Verbatim repeat, images excluded. Give each entry again as written.

───

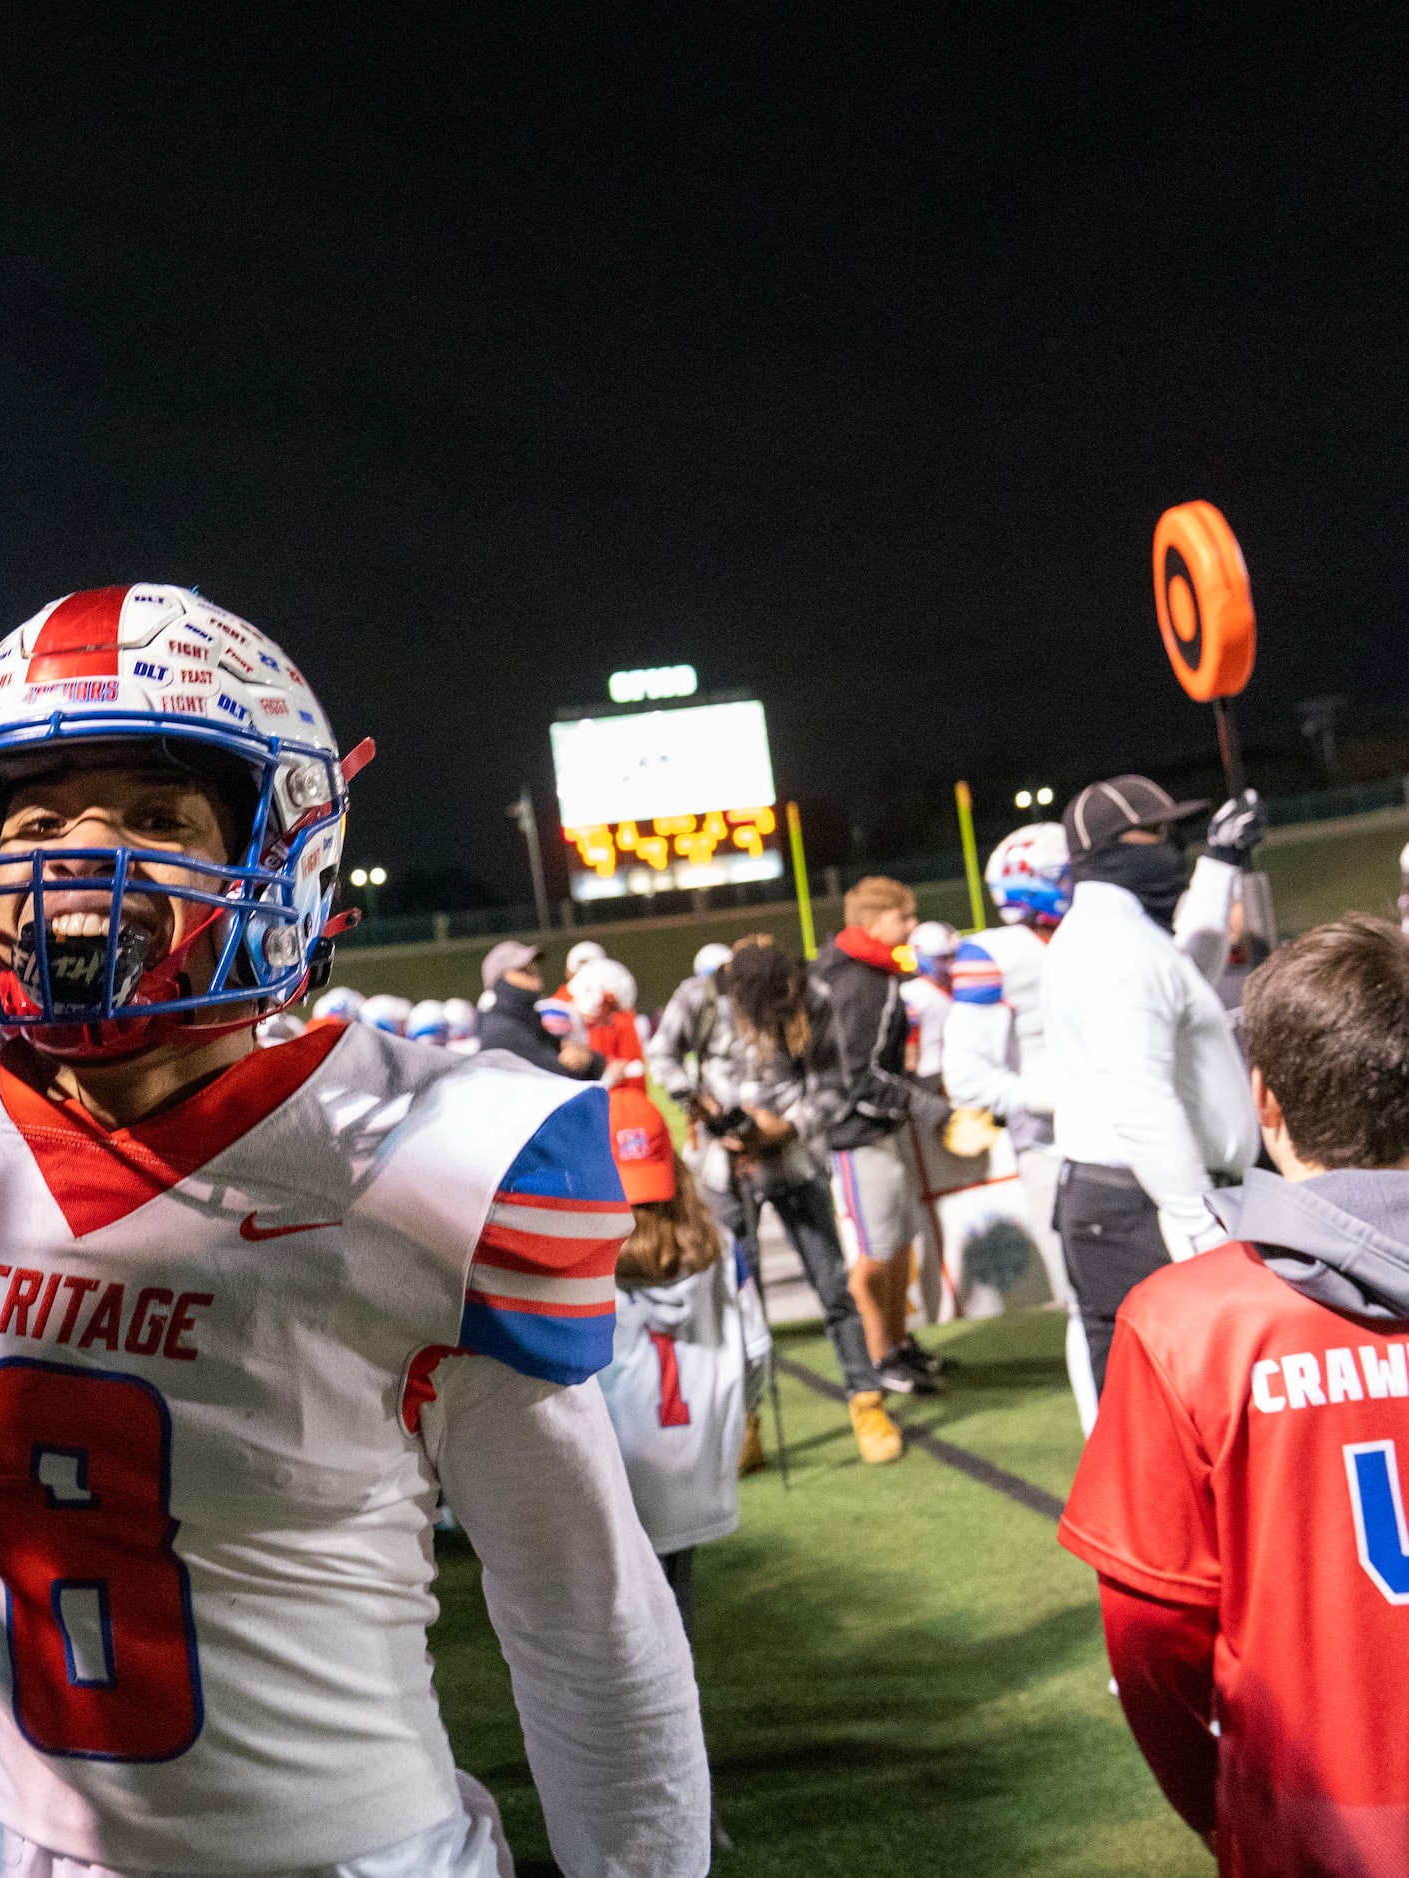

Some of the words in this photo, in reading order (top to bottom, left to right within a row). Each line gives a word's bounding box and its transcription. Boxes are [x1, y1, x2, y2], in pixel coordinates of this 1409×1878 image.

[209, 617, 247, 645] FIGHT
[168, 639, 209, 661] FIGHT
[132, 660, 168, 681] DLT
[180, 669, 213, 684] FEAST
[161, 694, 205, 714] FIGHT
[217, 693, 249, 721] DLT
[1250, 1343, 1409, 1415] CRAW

───

EXERCISE RESPONSE.
Some of the words in this photo, in reading order (top to bottom, left to right within a row). Each line gives a word's bounding box and its transcription. Boxes are [x1, y1, x2, y2], in pixel coordinates of this 1409×1878 image.

[209, 617, 247, 645] FIGHT
[168, 639, 209, 661] FIGHT
[132, 660, 168, 681] DLT
[180, 669, 213, 684] FEAST
[161, 694, 205, 714] FIGHT
[217, 693, 249, 721] DLT
[1250, 1343, 1409, 1415] CRAW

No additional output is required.